→ **Task objective**
Please restate each line of the material word for word and omit any pictures.

→ **Provided records**
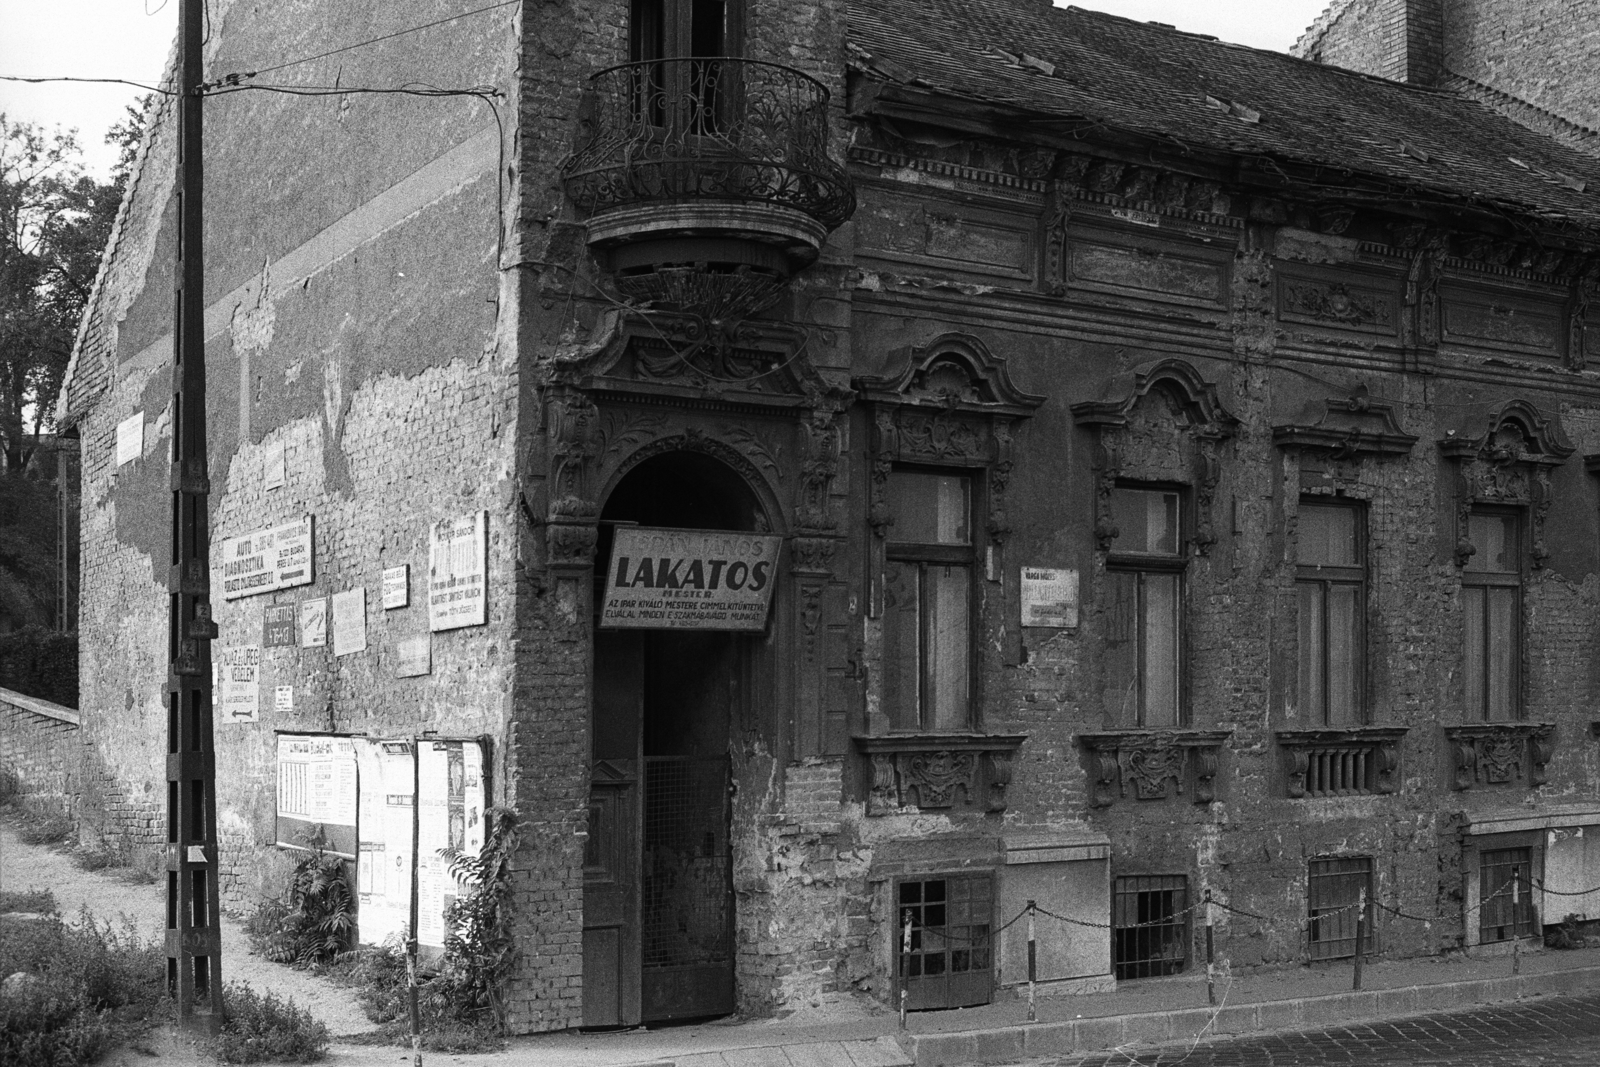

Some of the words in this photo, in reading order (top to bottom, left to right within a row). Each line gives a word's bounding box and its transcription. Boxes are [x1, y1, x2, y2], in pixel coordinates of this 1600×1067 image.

[456, 525, 475, 538] SÁNDOR
[236, 537, 252, 557] AUTÓ
[702, 536, 764, 558] JÁNOS
[224, 555, 264, 577] DIAGNOSZTIKA
[615, 557, 770, 592] LAKATOS
[200, 607, 207, 615] Z
[608, 599, 620, 608] AZ
[620, 600, 636, 609] IPAR
[638, 598, 664, 609] KIVÁLÓ
[665, 601, 698, 610] MESTERE
[700, 602, 728, 611] CIMMEL
[638, 610, 665, 619] MINDEN
[667, 611, 673, 620] E
[186, 643, 192, 652] Z
[231, 667, 255, 682] VÉDELEM
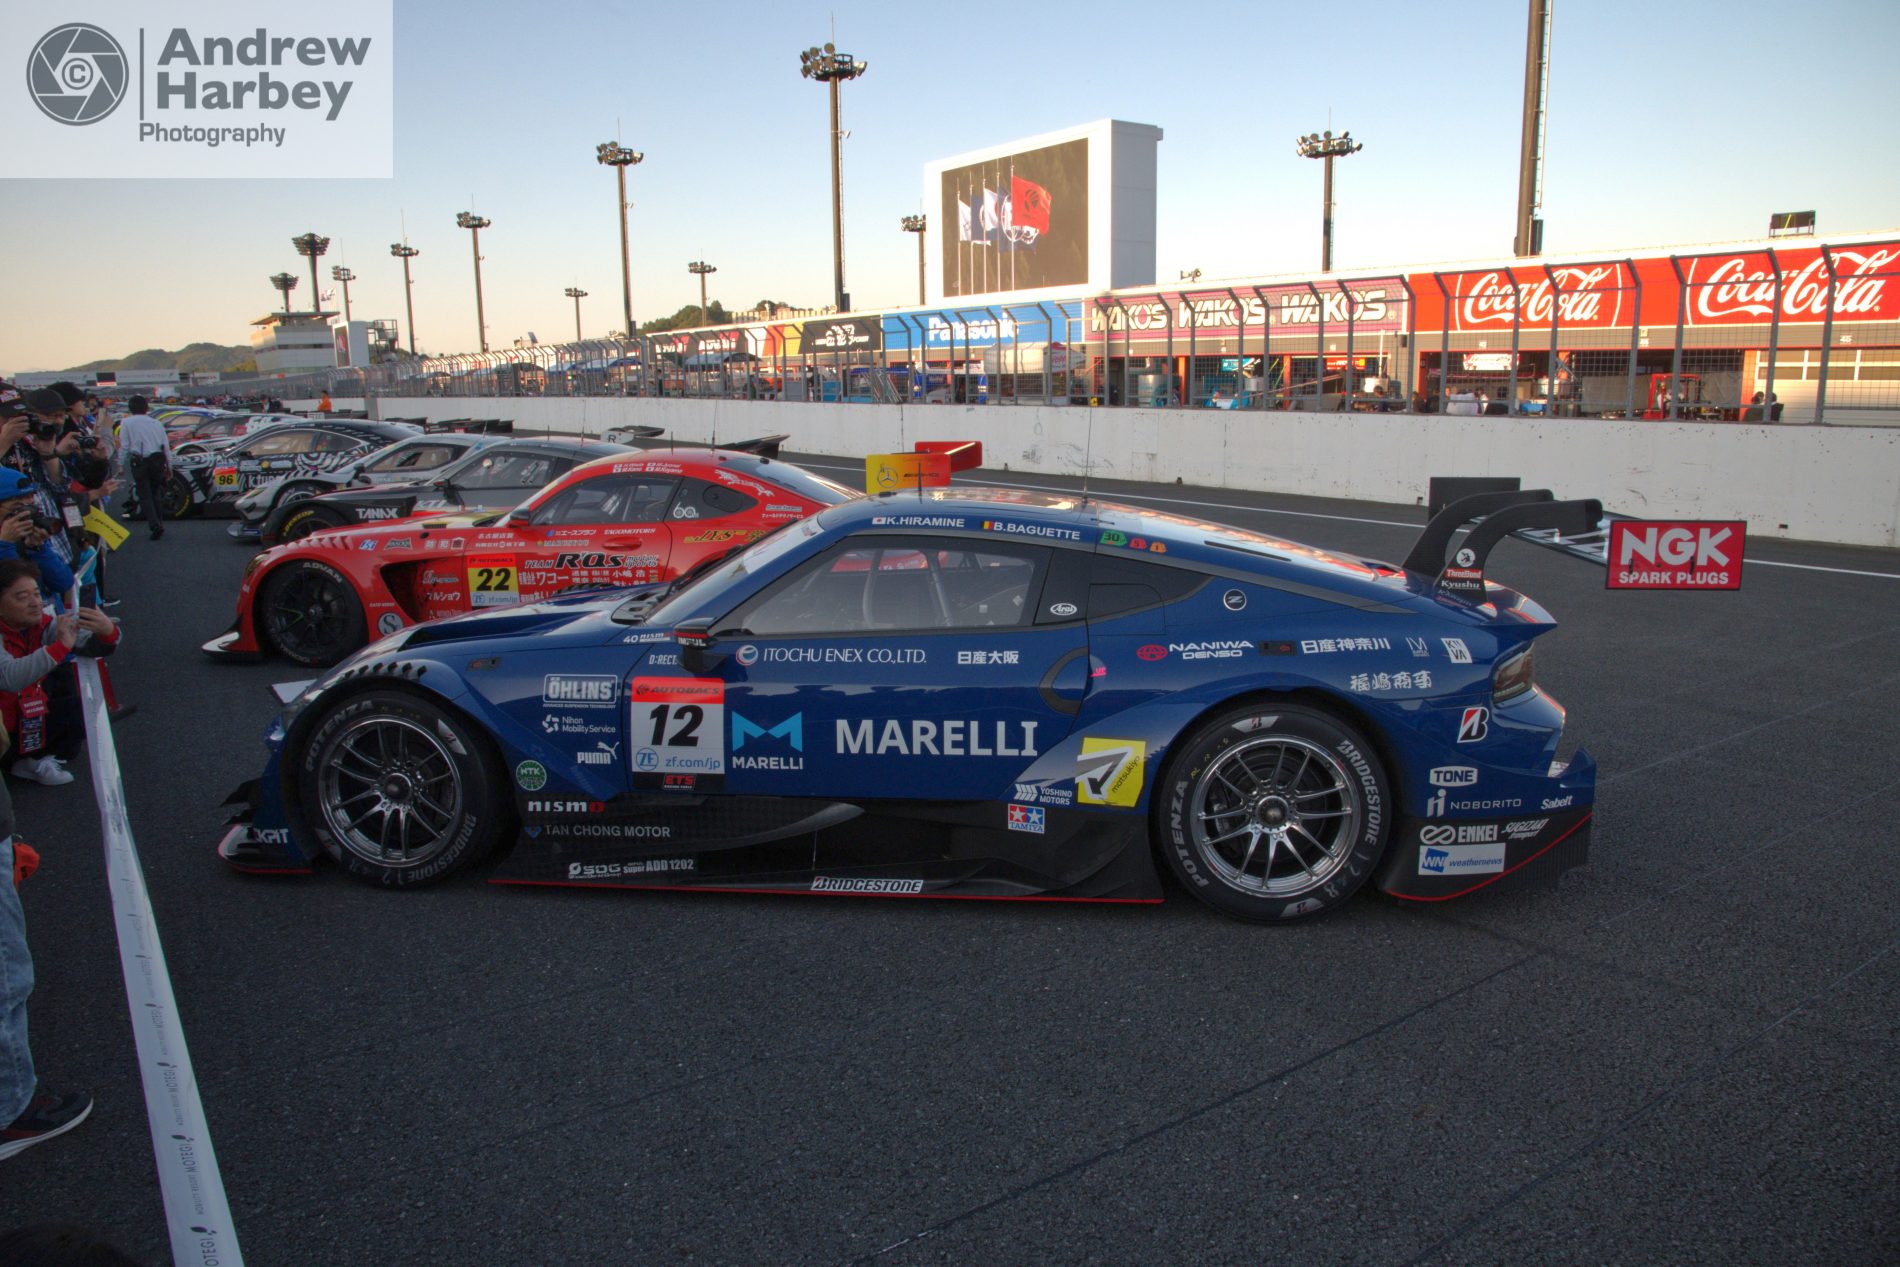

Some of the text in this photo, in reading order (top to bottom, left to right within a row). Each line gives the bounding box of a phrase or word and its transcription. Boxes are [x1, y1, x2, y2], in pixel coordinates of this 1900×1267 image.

→ **Written solution**
Some of the words in this photo, in reading order (top to bottom, left to right within a row). Each line gives a word's bounding box and its transcription. Boxes are [x1, y1, x2, y2], in pixel coordinates of this 1600×1067 image.

[456, 525, 475, 538] SÁNDOR
[236, 537, 252, 557] AUTÓ
[702, 536, 764, 558] JÁNOS
[224, 555, 264, 577] DIAGNOSZTIKA
[615, 557, 770, 592] LAKATOS
[200, 607, 207, 615] Z
[608, 599, 620, 608] AZ
[620, 600, 636, 609] IPAR
[638, 598, 664, 609] KIVÁLÓ
[665, 601, 698, 610] MESTERE
[700, 602, 728, 611] CIMMEL
[638, 610, 665, 619] MINDEN
[667, 611, 673, 620] E
[186, 643, 192, 652] Z
[231, 667, 255, 682] VÉDELEM

Some of the text in this photo, in reading order (top to bottom, left to right within a row). Each line gives the bounding box of a phrase or word and its transcription. Boxes are [x1, y1, x2, y2], in pixel coordinates of this 1900×1267 image.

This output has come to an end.